Tomorrow, I officially interview for my job after a day of training. It's a formality of sorts, I'm practically in already due to the shortage of workers. In case anybody is interested, the Migrant Head Start program needs bus drivers and other personnel for the schools. If you don't mind relocating, there is work for you outside of Texas. This brings me to a related subject that popped up today.
 
While we were fighting to stay awake during the training, my wife wrote me a note asking if we could come to Wisconsin again next year. I'm all for it. I checked the weather last night. Back home, the temperature is up at 100 degrees. Yikes! We're cold most of the time up here. Of course, my answer is yes; we can come again next summer.
 
We then started talking about our choices over the past 11 years of our marriage. We are thinking that it's about time that we let go of our safety zone in the RGV. It's easy to blame the Rio Grande Valley and employers there for not providing a decent living for us. In my moments of frustration, I have begrudged the lack of good opportunities back home. The truth of the matter is, it's our own fault. Whenever unions and other pro-labor groups start bitching about jobs going overseas, they are being whiney-assed like me. There is plenty of work in America. The problem is that the people who complain, like me, don't want to make the effort to learn a new skill or to relocate to where there are good jobs.
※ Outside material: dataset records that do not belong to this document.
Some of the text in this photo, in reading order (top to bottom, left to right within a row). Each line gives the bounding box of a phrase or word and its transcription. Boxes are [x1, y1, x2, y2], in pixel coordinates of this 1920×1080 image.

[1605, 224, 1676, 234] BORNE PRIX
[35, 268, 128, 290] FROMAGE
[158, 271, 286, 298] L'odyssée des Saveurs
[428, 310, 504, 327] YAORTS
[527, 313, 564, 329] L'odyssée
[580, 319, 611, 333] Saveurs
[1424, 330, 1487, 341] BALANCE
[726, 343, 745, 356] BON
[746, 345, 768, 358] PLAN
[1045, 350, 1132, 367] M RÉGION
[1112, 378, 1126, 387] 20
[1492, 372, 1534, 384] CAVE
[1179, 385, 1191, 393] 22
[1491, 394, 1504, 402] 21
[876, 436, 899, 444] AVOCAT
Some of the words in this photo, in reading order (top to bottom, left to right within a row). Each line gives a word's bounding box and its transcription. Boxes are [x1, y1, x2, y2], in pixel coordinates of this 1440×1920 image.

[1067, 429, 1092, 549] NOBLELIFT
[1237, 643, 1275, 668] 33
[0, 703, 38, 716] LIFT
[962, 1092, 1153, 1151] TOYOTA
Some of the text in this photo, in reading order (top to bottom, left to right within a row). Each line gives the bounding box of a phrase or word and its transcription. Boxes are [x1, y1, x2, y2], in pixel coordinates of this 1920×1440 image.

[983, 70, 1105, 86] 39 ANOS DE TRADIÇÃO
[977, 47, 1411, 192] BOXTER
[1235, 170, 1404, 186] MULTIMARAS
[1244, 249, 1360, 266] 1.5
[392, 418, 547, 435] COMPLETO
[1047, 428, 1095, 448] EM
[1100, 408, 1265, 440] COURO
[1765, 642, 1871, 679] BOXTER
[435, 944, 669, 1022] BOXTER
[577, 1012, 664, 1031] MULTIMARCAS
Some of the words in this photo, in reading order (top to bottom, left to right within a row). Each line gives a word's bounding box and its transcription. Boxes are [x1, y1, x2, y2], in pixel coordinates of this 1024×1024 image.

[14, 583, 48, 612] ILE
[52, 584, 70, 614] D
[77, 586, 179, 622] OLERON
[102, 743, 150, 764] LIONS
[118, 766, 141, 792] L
Of course, Democrats and other vultures are quick to blame big business for being cold and heartless, bordering treasonous. It's easy to find a scapegoat rather than take responsibility for the outcome of your life.
 
My wife and I have long known the disadvantage of living in the RGV: jobs pay less than their equivalents in other parts of the country. But, we chose to stay. We unrealistically expected good opportunities to come to us rather than us go to them. For a long time I accepted what I could get with the lie that if I could make it in the RGV, I could make it anywhere. I'm so foolish sometimes. I've decided to let go of the RGV crutch and to seek opportunity wherever it is. In the lottery of life, the rule is simple, you have to play to win.